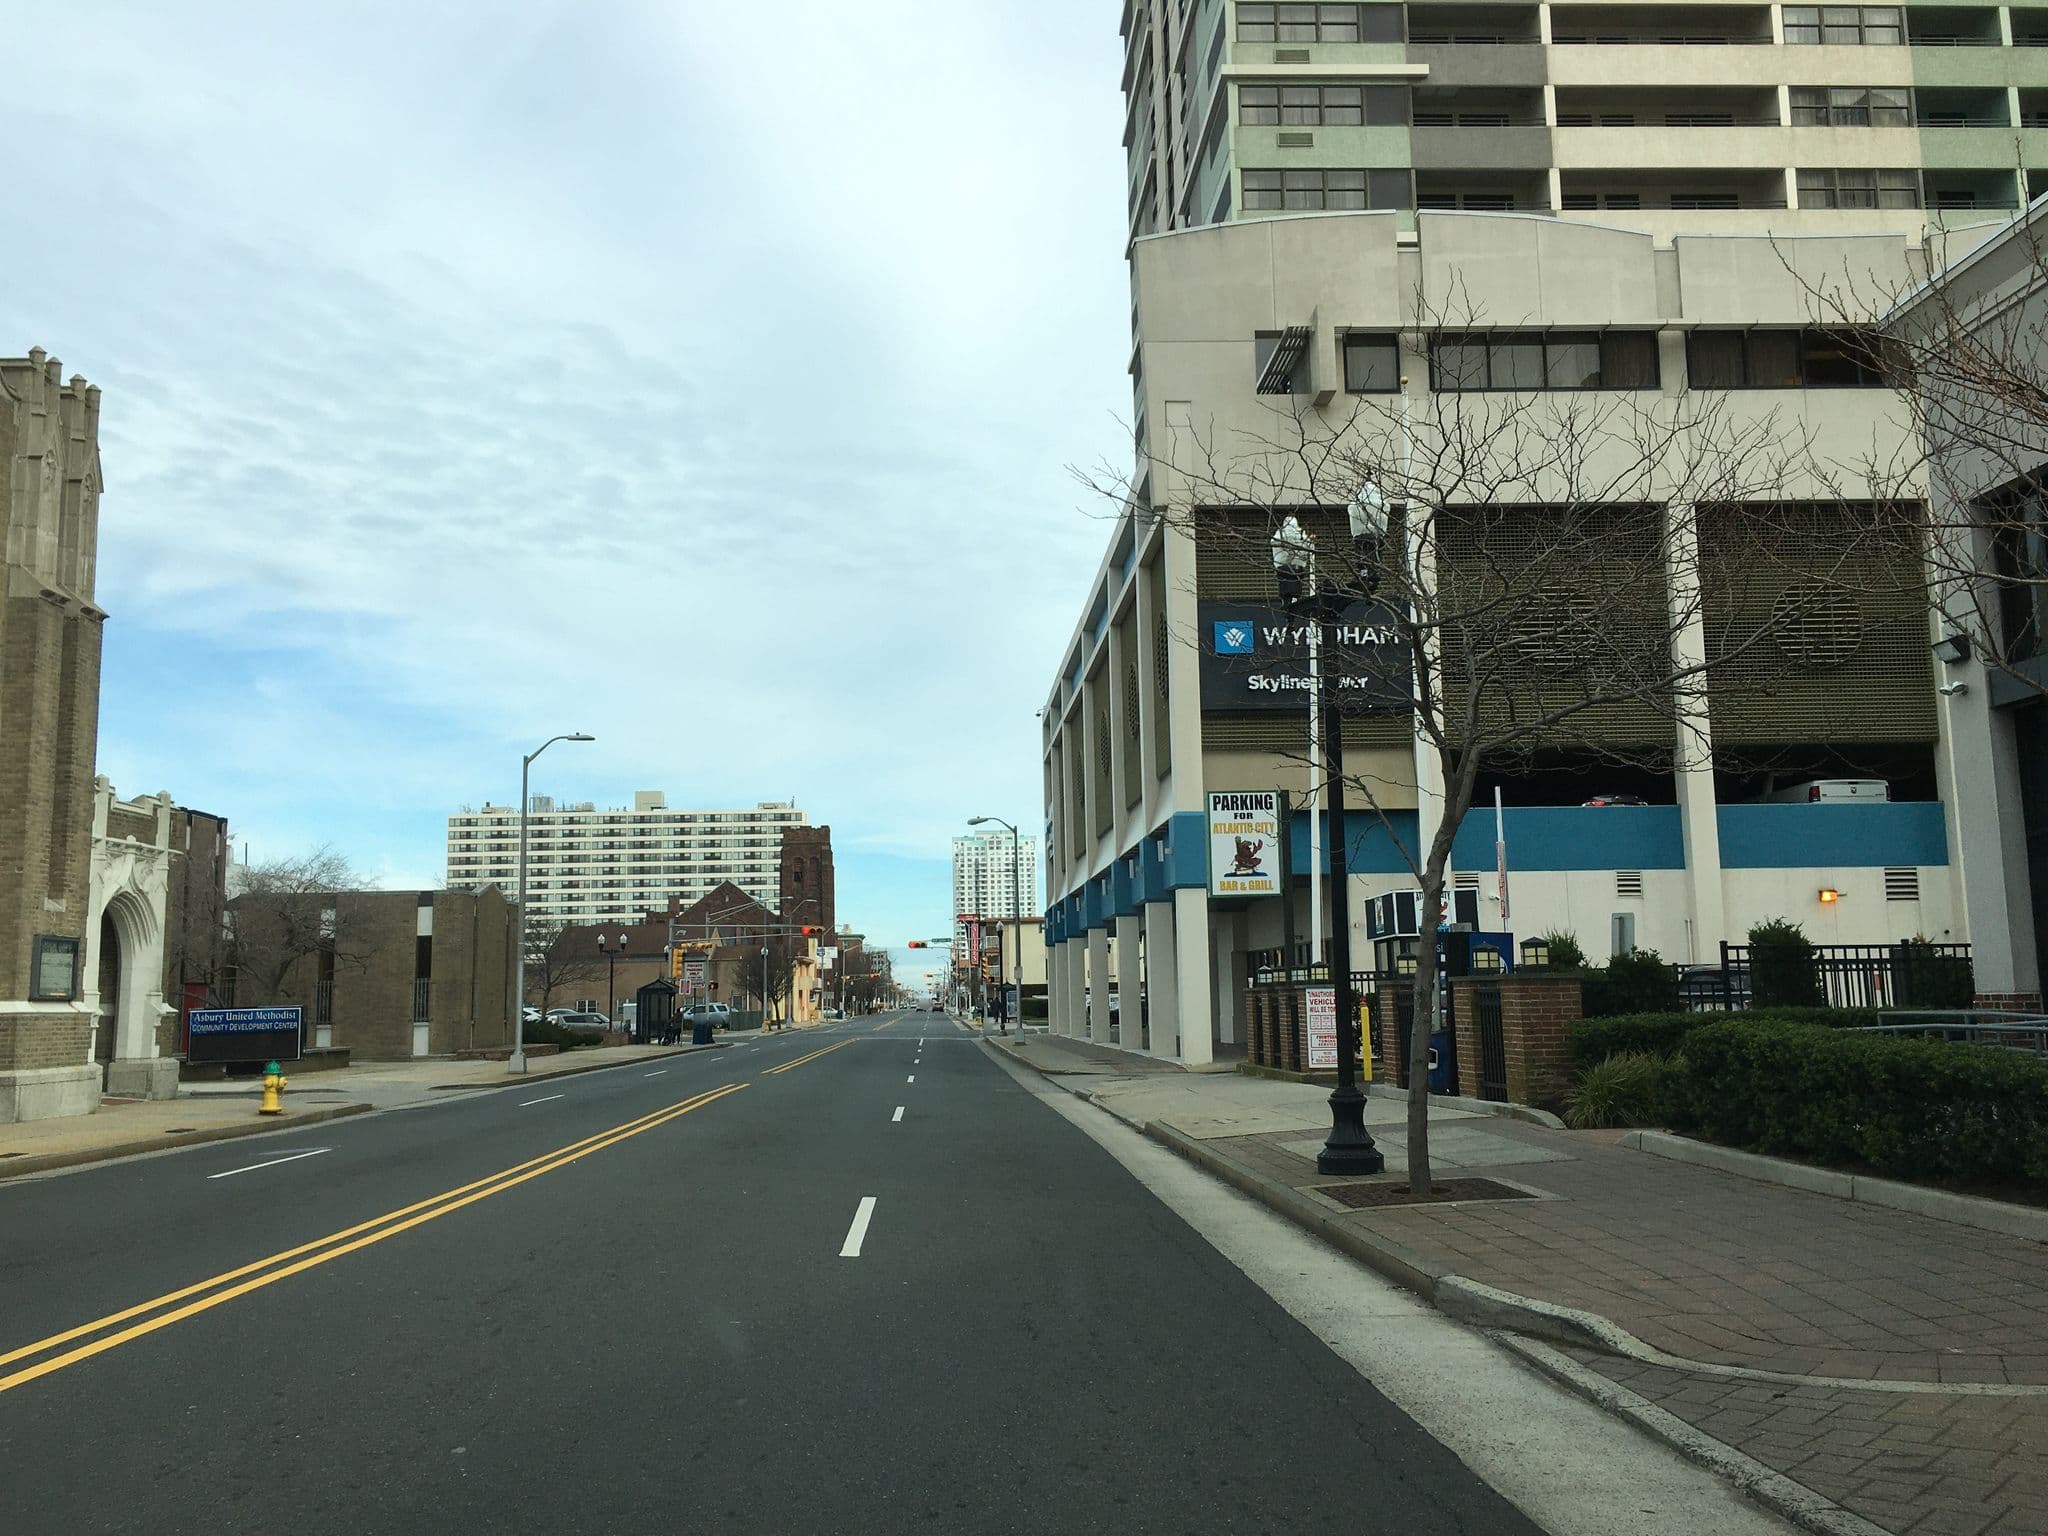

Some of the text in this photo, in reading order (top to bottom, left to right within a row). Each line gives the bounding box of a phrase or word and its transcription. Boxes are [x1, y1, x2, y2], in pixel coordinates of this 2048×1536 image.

[1247, 674, 1311, 692] Skyline
[1212, 794, 1273, 811] PARKING
[1233, 812, 1254, 820] FOR
[1213, 821, 1275, 834] ATLANTIC CITY
[1219, 879, 1273, 891] BAR & GRILL
[194, 1010, 296, 1023] Asbury United Methodist
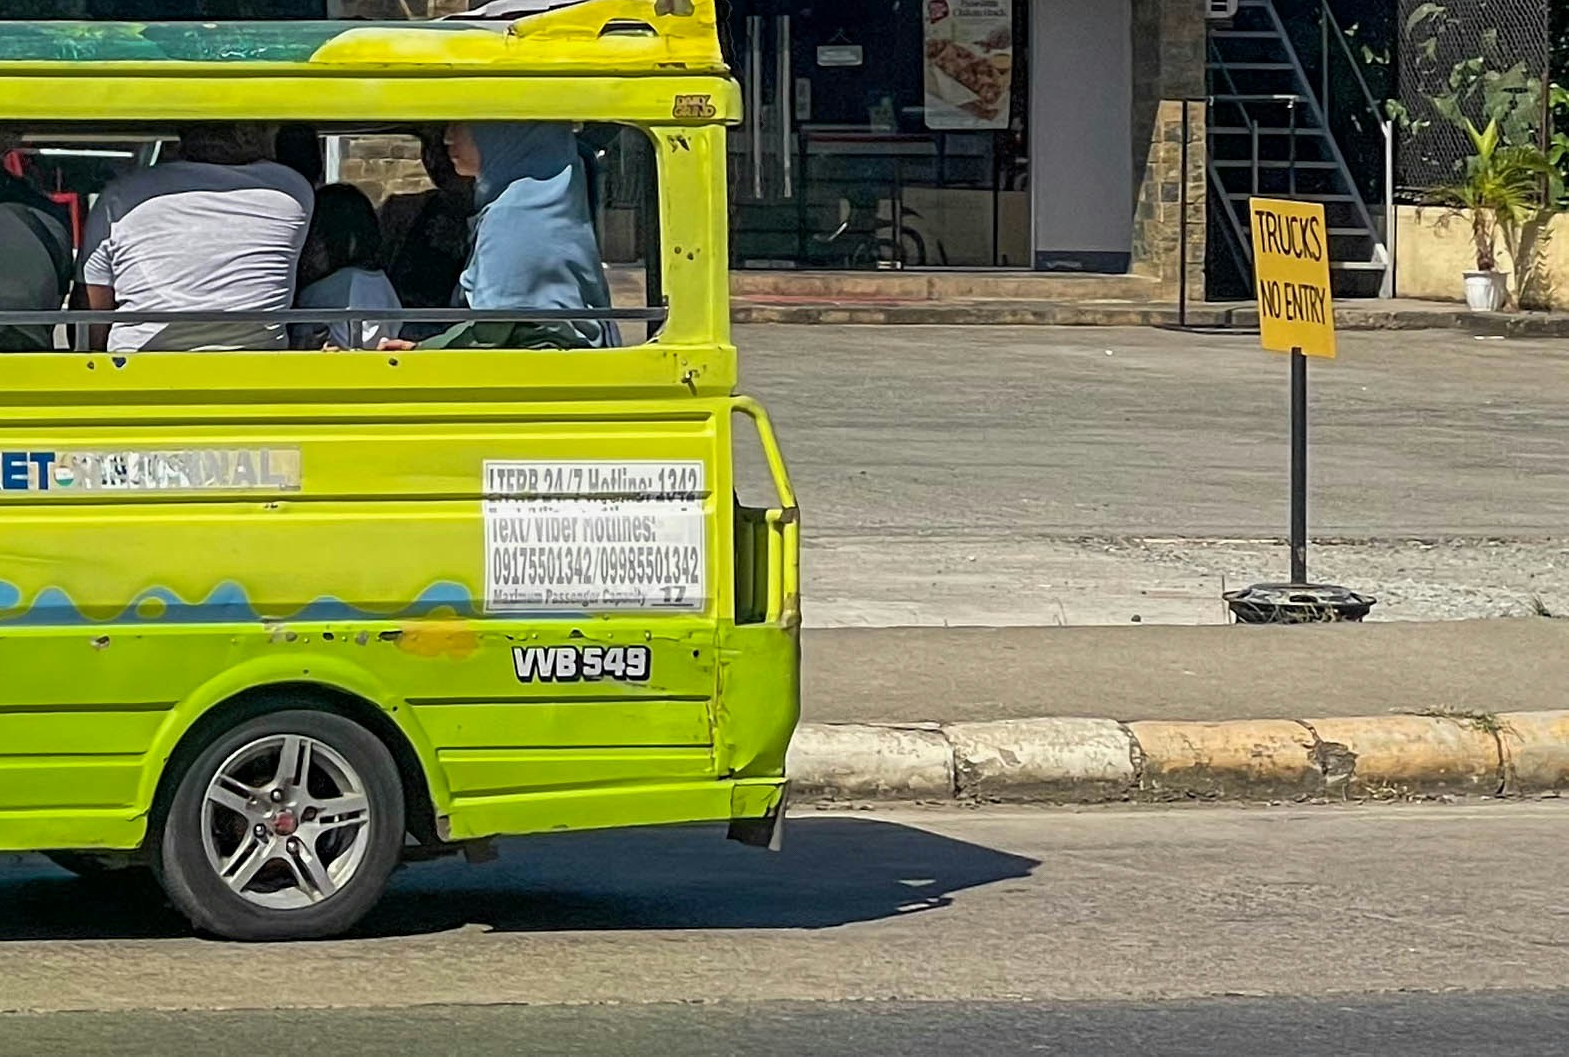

■ Your task ■
Reproduce the whole listing above word for word, but not its pictures.

■ Task result ■
Some of the text in this photo, in reading order (top to bottom, left to right within a row). Each line gives the bounding box of a phrase or word and its transcription. Boxes are [x1, y1, x2, y2], in pixel coordinates of this 2048×1536 image.

[1247, 674, 1311, 692] Skyline
[1212, 794, 1273, 811] PARKING
[1233, 812, 1254, 820] FOR
[1213, 821, 1275, 834] ATLANTIC CITY
[1219, 879, 1273, 891] BAR & GRILL
[194, 1010, 296, 1023] Asbury United Methodist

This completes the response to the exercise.